Pouvoir disciplinaire et vie personnelle


Le principe est bien établi : un fait tiré de la vie personnelle ne peut justifier un licenciement disciplinaire.

Ainsi par exemple, n’est pas justifié le licenciement d’un salarié qui avait dénigré sa supérieure dans un mail adressé à son collègue depuis sa messagerie personnelle, ce qui conférait à ce message un caractère purement privé (Cour de cassation, Chambre sociale, 26 janvier 2012, 11-10.189). De même en est-il ainsi du licenciement d’un directeur de cave licencié pour des agissements frauduleux commis au sein d’une société de négoce de vins, tierce à l’employeur (Cour de cassation, Chambre sociale, 21 avril 2010, 08-45.030). Même solution pour le vol d’enjoliveurs commis par le salarié sur le véhicule d’un collègue de travail garé à l’extérieur de l’entreprise (Cour de Cassation, Chambre sociale, du 19 septembre 2007, 05-45.294).
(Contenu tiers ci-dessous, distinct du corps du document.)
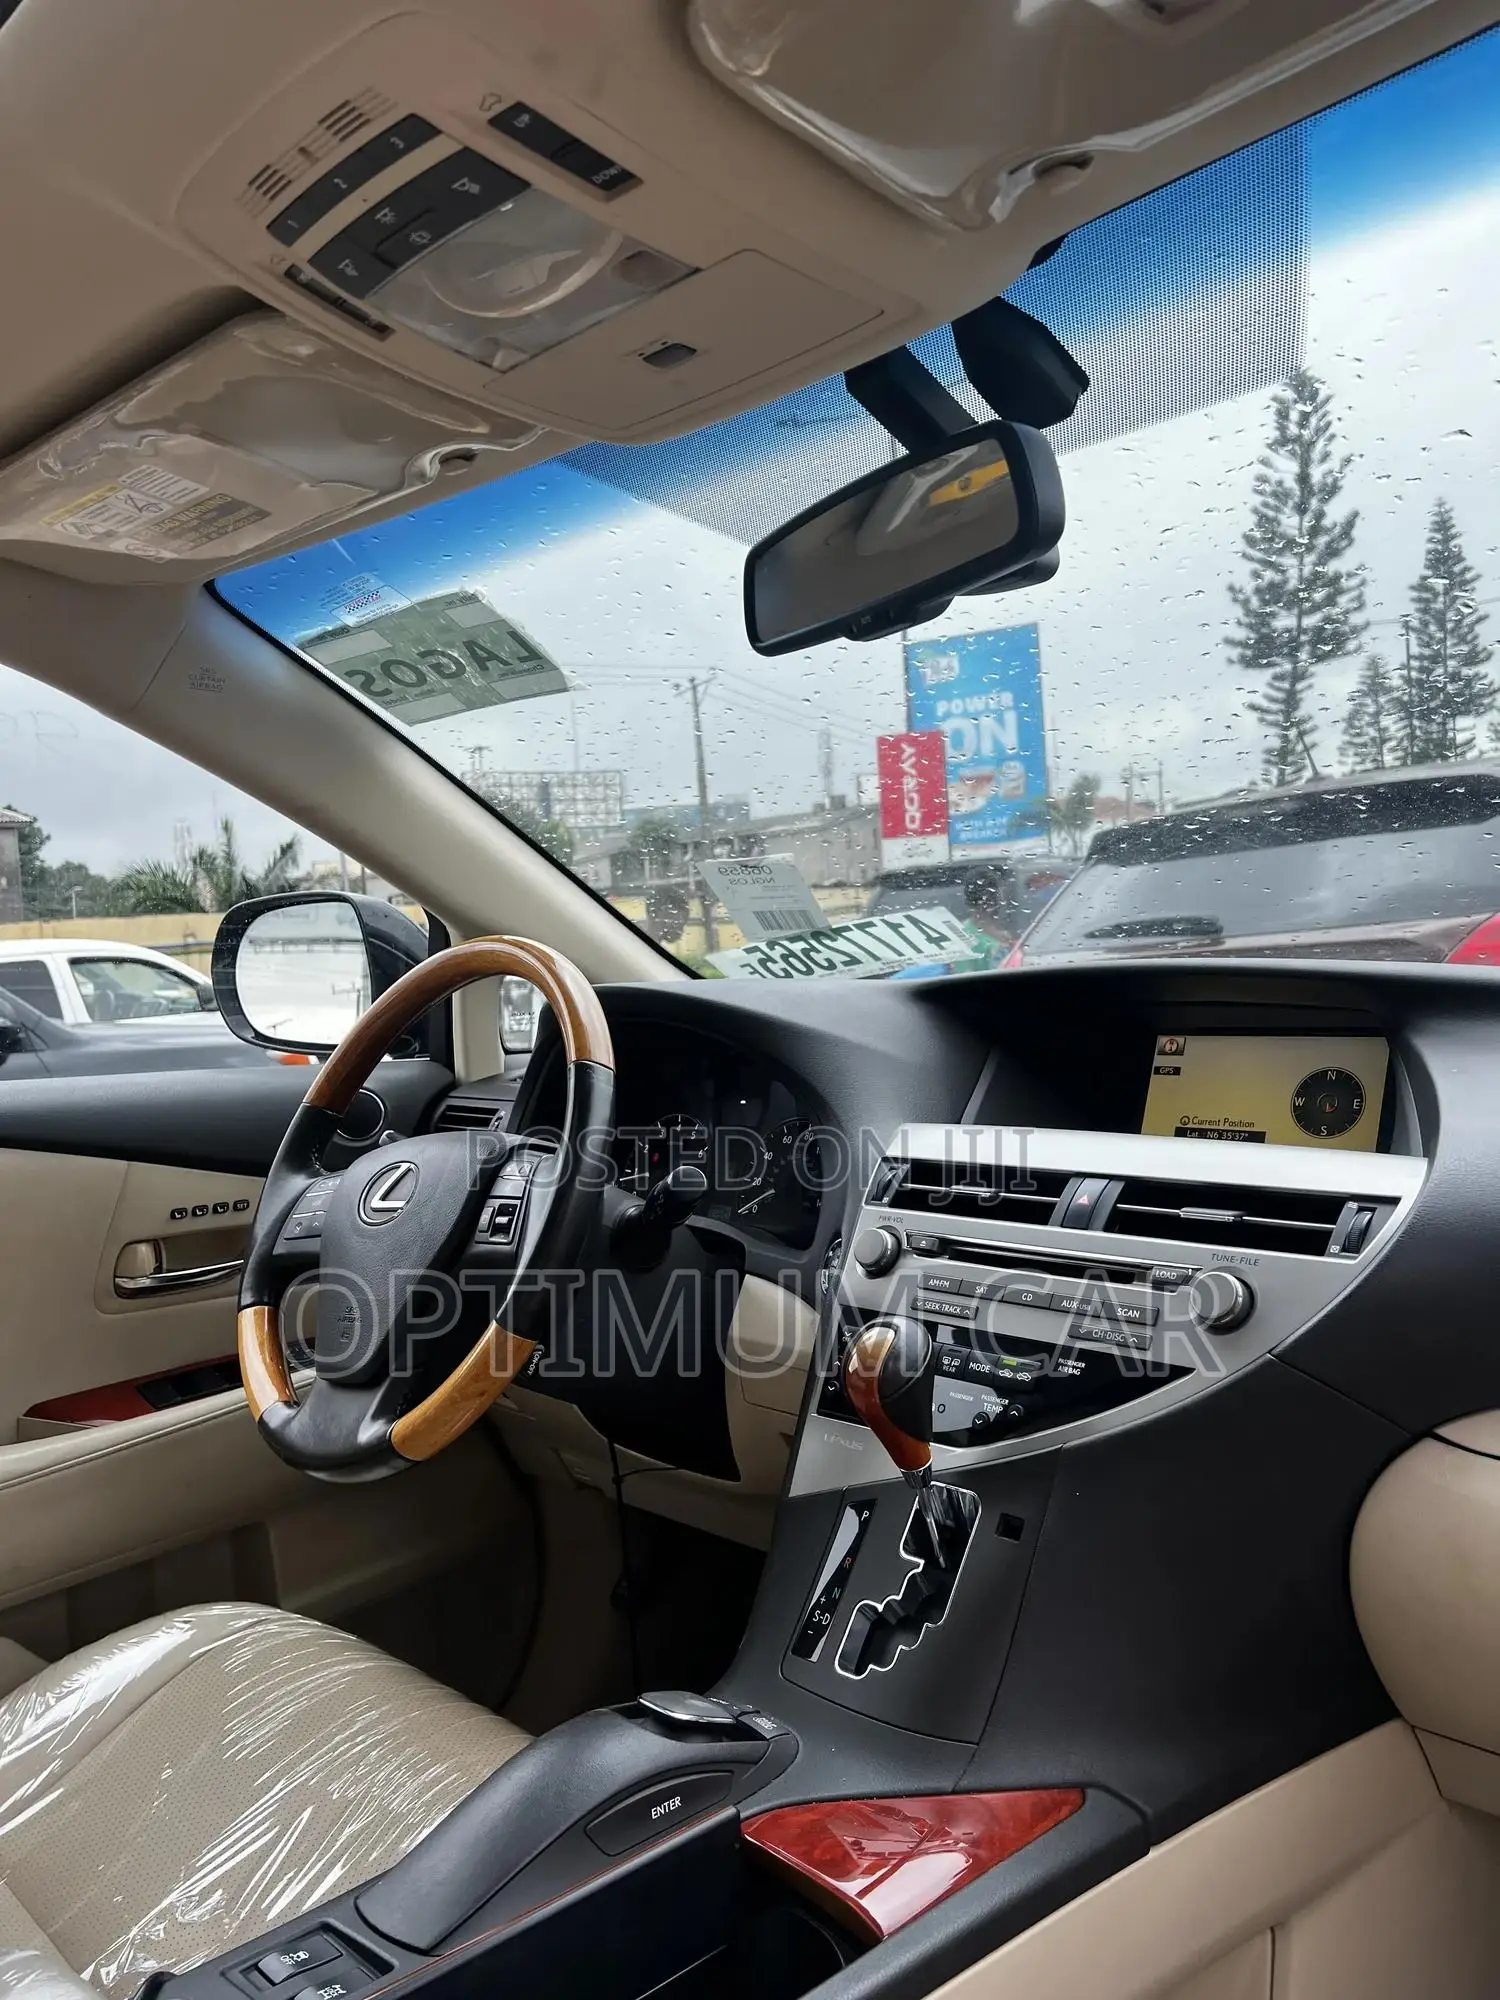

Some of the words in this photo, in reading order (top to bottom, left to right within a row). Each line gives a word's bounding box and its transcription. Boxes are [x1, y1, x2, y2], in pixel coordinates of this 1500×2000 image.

La frontière peut toutefois être ténue entre les faits relevant de la vie professionnelle et ceux relevant de la vie personnelle.

C’est ce qu’illustre l’arrêt rendu par la Cour de cassation le 8 juillet 2020 (n° 18-18.317). Dans l’affaire qui a donné lieu à cette décision, le steward d’une compagnie aérienne avait été licencié pour faute grave ; il lui était reproché d’avoir subtilisé le portefeuille d’un client de l’hôtel où il séjournait durant l’escale en tant que membre d’équipage.

L’intéressé se défendait de toute faute professionnelle en contestant le rattachement des faits reprochés à la vie professionnelle, afin qu’ils échappent au pouvoir disciplinaire de l’employeur.

La Cour de Cassation n’a pas suivi cette argumentation, estimant que les faits reprochés se rattachaient à la vie professionnelle du salarié, dans la mesure où ils avaient été commis pendant le temps d’une escale dans un hôtel partenaire commercial de la société, laquelle y avait réservé à ses frais des chambres pour son équipage.

Cette solution illustre néanmoins la difficulté à cerner clairement la frontière entre vie professionnelle et vie personnelle. Si les faits se déroulant aux temps et lieux de travail n’appellent qu’assez peu de difficulté, il en va différemment lorsqu’ils sont commis en dehors des stricts temps et lieux de travail mais qu’ils conservent un lien avec l’emploi de l’intéressé.

La solution n’allait donc pas de soi.

Il semble que la jurisprudence adopte une position plus stricte avec le salarié lorsque son comportement est de nature à porter atteinte à l’image de l’employeur.